◆ Extracted information:

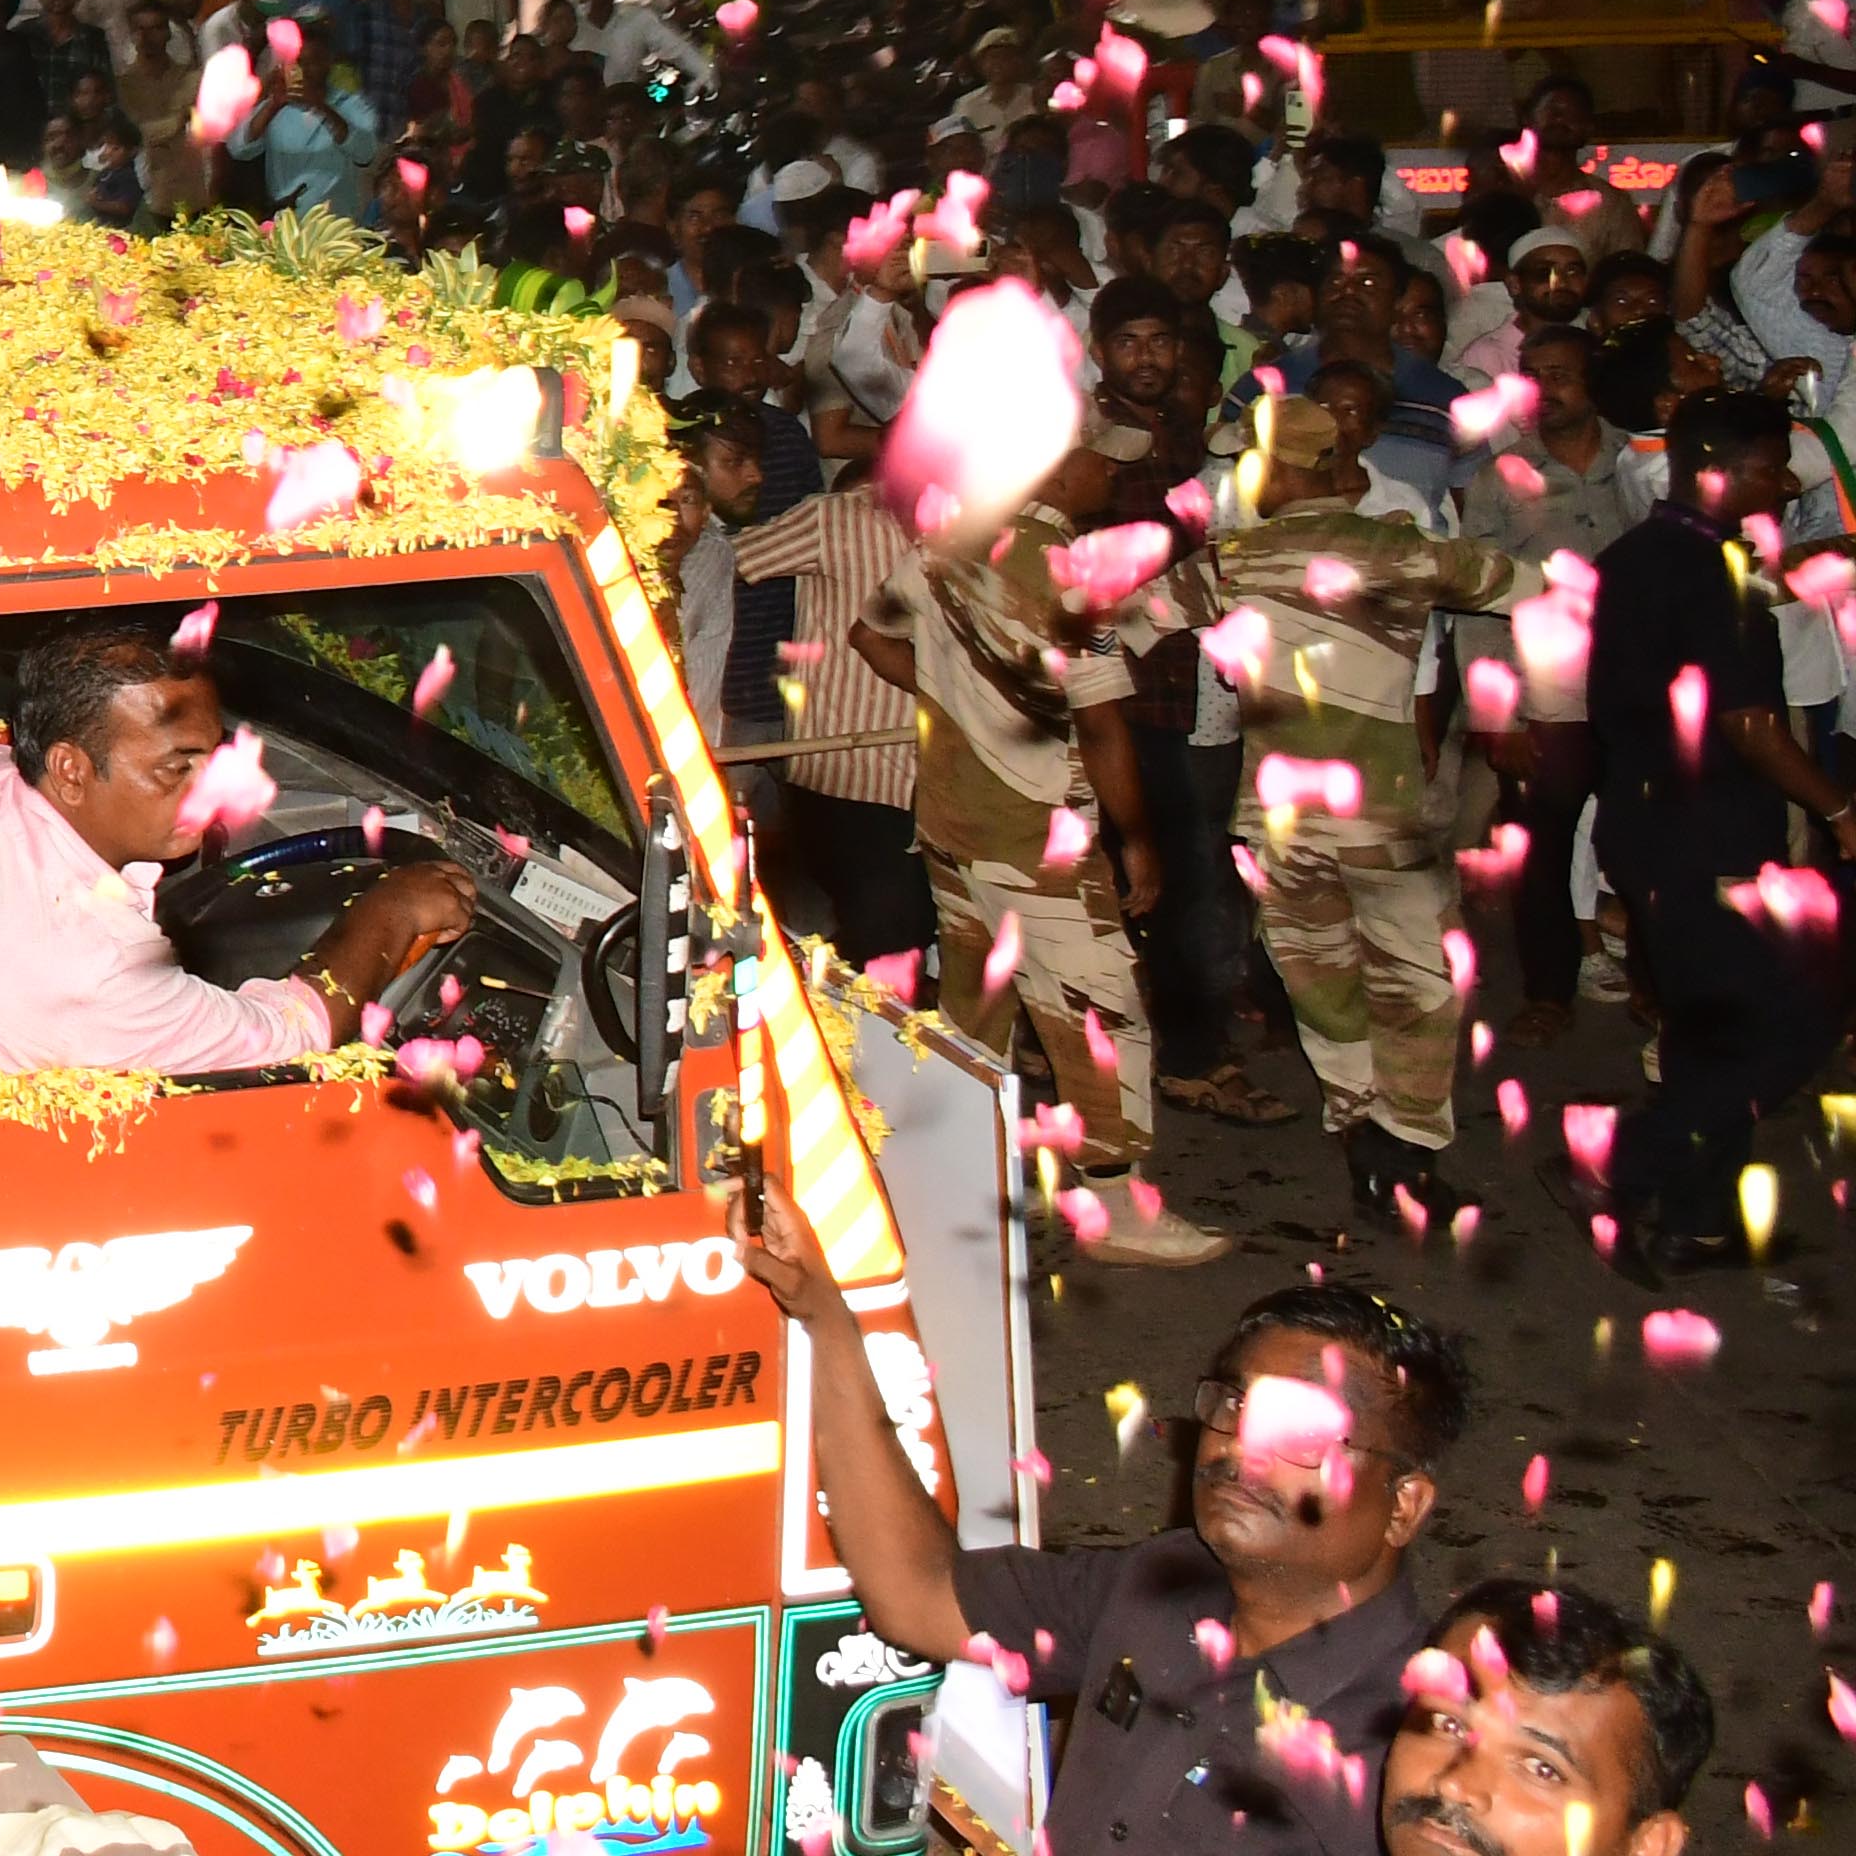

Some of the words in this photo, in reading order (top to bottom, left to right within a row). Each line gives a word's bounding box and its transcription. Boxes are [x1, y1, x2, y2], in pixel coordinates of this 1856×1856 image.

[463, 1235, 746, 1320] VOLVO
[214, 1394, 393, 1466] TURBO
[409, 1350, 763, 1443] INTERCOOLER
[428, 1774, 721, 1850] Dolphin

◆ About this exercise: Only the text of the records is to be reproduced exactly; skip the pictures.

◆ Answer to the problem:
Some of the words in this photo, in reading order (top to bottom, left to right within a row). Each line gives a word's bounding box and its transcription. Boxes are [x1, y1, x2, y2], in pixel coordinates of this 1856×1856 image.

[463, 1235, 746, 1320] VOLVO
[214, 1394, 393, 1466] TURBO
[409, 1350, 763, 1443] INTERCOOLER
[428, 1774, 721, 1850] Dolphin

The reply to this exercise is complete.